Obamacare's Mismanagement Problem
The health care law's implementation has been marked by missed deadlines and general bureaucratic ineptitude.

On Monday, the Department of Health and Human Services released a video touting its latest big promise on Obamacare: The health law's exchanges will be ready on time—at least, that is, the parts that haven't already been delayed.
That's really all it had to say. The video, which has the forced-fun feel of an intro to a low-budget corporate training video, highlighted a handful of health law deadlines that had already been met, and insisted, yet again, that its insurance exchanges would open for enrollment in October as planned.
The intended message: We're on schedule. We can make this work.
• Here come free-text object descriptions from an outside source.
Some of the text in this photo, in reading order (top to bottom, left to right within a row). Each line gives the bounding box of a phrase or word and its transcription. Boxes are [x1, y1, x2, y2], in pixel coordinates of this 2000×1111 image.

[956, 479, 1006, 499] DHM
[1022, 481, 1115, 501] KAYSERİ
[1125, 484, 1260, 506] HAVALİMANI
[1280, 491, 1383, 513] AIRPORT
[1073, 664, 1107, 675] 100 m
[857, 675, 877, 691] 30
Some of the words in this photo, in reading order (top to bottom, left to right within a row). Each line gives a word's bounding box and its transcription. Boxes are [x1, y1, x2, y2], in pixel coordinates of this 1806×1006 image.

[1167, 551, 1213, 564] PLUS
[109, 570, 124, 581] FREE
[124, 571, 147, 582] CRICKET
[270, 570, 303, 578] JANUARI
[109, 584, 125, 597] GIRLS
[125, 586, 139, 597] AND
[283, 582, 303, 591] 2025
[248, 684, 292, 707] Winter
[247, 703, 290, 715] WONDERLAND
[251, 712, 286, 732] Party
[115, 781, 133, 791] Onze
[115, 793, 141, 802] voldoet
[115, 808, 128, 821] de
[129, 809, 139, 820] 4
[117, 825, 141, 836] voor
Talk about lowering the bar for success. As anyone who's ever worked on a project with an important deadline knows, when someone starts insisting that everything will come in on time, really, trust me, it's usually because the work isn't going as planned—especially on project that's been rife with shoddy management and missed deadlines.
The real message of the HHS video is that the agency desperately wants people to think it is on schedule and can make the law work. And it understands that as it stands, its work, and the weight of the available evidence, suggests otherwise.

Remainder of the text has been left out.